# data analysis like a pirate…rrrrrrrrrrrrrrrr….

My Kenan project will be focused on the question, “Is U.S. air pollution getting better or worse?” To that end, the teacher side of this fellowship will involve a project for my students that will involve answering questions related to this focus by analyzing data available through the E.P.A. website.

By law, the E.P.A. monitors 6 different air pollutants: ozone, carbon monoxide, nitrogen dioxide, sulfur dioxide, lead, and particulate matter. Most of these pollutants are measured daily, some several times a day. There are literally thousands of E.P.A. monitor sites across the United States.

So here’s the problem…

There are 6 different pollutants and 37 years of data available (1980-2016). That’s 222 separate spreadsheet data files. Each of these data files is a spreadsheet with 29 columns and up to several hundred THOUSAND rows of data. Each of these data files has data for all 50 states as well, so if you don’t want all 50 states, you need a way to separate the data.

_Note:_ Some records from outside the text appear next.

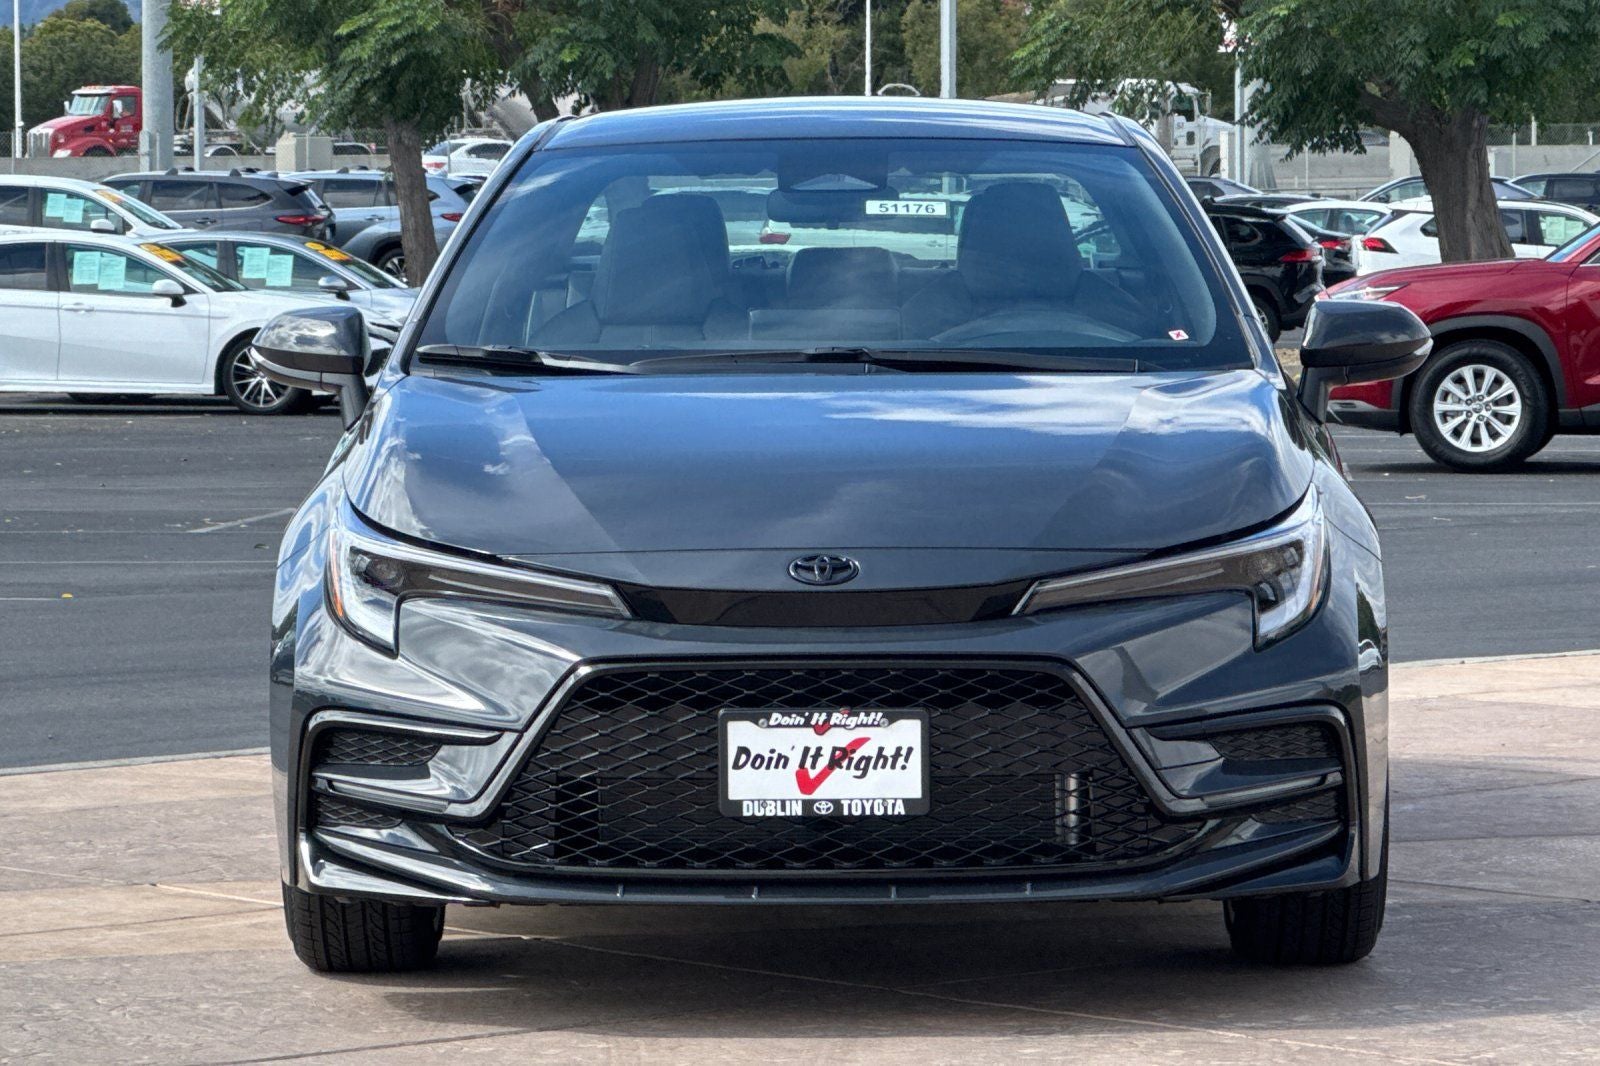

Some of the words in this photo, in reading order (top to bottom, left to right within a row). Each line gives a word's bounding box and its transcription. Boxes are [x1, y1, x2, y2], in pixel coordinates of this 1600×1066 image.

[879, 203, 936, 214] 51176
[769, 712, 809, 726] Doin'
[811, 712, 829, 726] It
[829, 712, 883, 730] Right!
[731, 745, 795, 771] Doin'
[800, 746, 823, 770] It
[827, 745, 914, 779] Right!
[742, 800, 803, 816] DUBLIN
[840, 799, 906, 816] TOYOTA

I’ve pretty well decided that the nature of the project will be collaborative, with each group given one of four regions of the country (northeast, south, midwest, west), and each student will become an expert on one of five of the pollutants – leaving out airborne lead since it has not been a problem in a very long time.

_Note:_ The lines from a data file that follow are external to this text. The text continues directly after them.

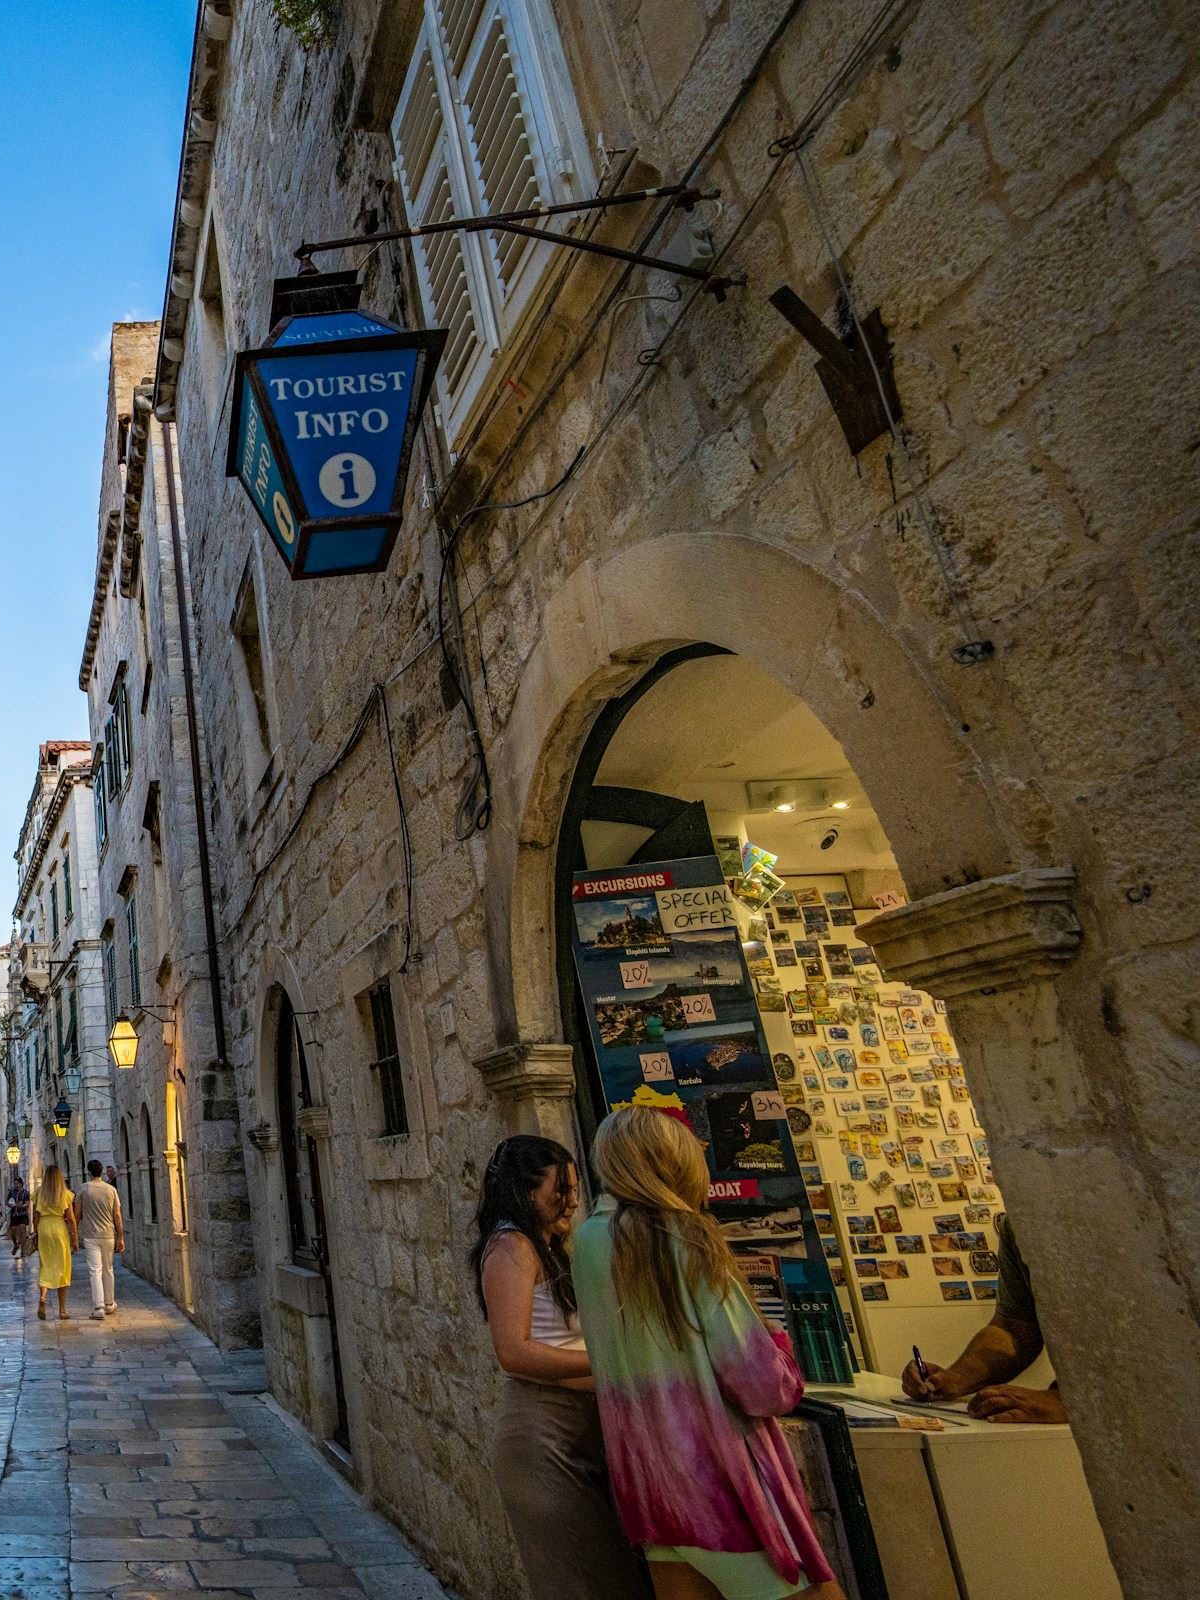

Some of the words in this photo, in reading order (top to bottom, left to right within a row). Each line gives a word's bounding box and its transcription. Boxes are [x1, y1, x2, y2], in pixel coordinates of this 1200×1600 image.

[270, 371, 405, 400] TOURIST
[295, 408, 389, 440] INFO
[584, 874, 666, 895] EXCURSIONS
[661, 890, 733, 910] SPECIAL
[674, 907, 736, 928] OFFER
[622, 964, 651, 984] 20%
[684, 998, 712, 1015] 20%
[643, 1058, 672, 1076] 20%
[755, 1097, 781, 1112] 3h
[708, 1182, 741, 1198] BOAT

As an example: suppose I want a data file for my students who will be doing the Northeast region, and want data on Ozone. What I need to do is to combine all 37 years of data in to one file, but also limit the file to just the 14 states assigned to the Northeast region.

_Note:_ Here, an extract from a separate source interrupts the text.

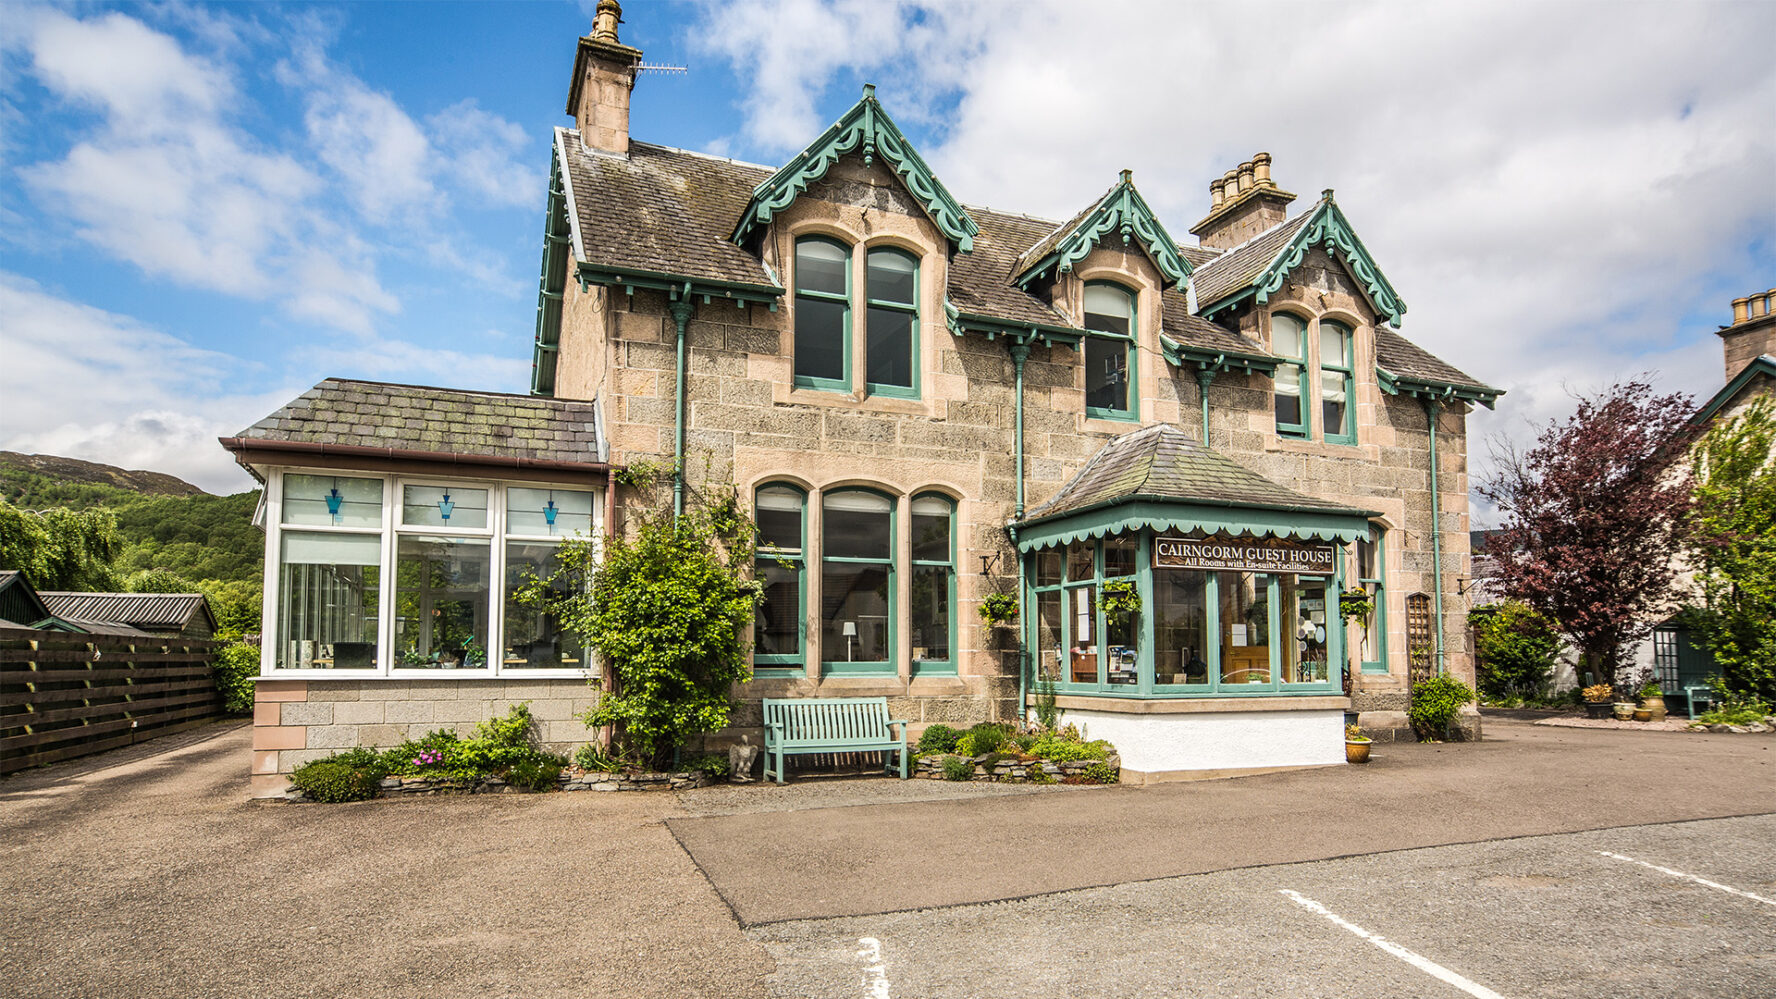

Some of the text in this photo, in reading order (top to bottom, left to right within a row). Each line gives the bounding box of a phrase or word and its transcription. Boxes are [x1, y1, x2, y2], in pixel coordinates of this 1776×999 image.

[1158, 543, 1331, 563] CAIRNGORM GUEST HOUSE
[1184, 557, 1310, 571] All Rooms with En-suite Facilities

Well, doing this in Excel is almost unthinkable to me.

Fortunately, I’ve been introduced to a statistical analysis program called R. That’s right, just the letter R. R is an open source language and environment for statistical computing and graphics. It is widely used in statistical sciences, data sciences, and data mining. It is both a language and a tool.

This little piece of code in R will read in 37 years of data (in csv format), select only data that applies to the Northeast region states,  and bind them together into one single file.

for(i in 2:37){
X1=read.csv(files[i])
X1=subset(X1, X1\$State.Code %in% northeast)
X1=X1[,c(1:3,12,17)]
X=rbind(X,X1)
}

A bit more work needs to be done to have the data in a form ready for student use, but here’s the amazing part to me.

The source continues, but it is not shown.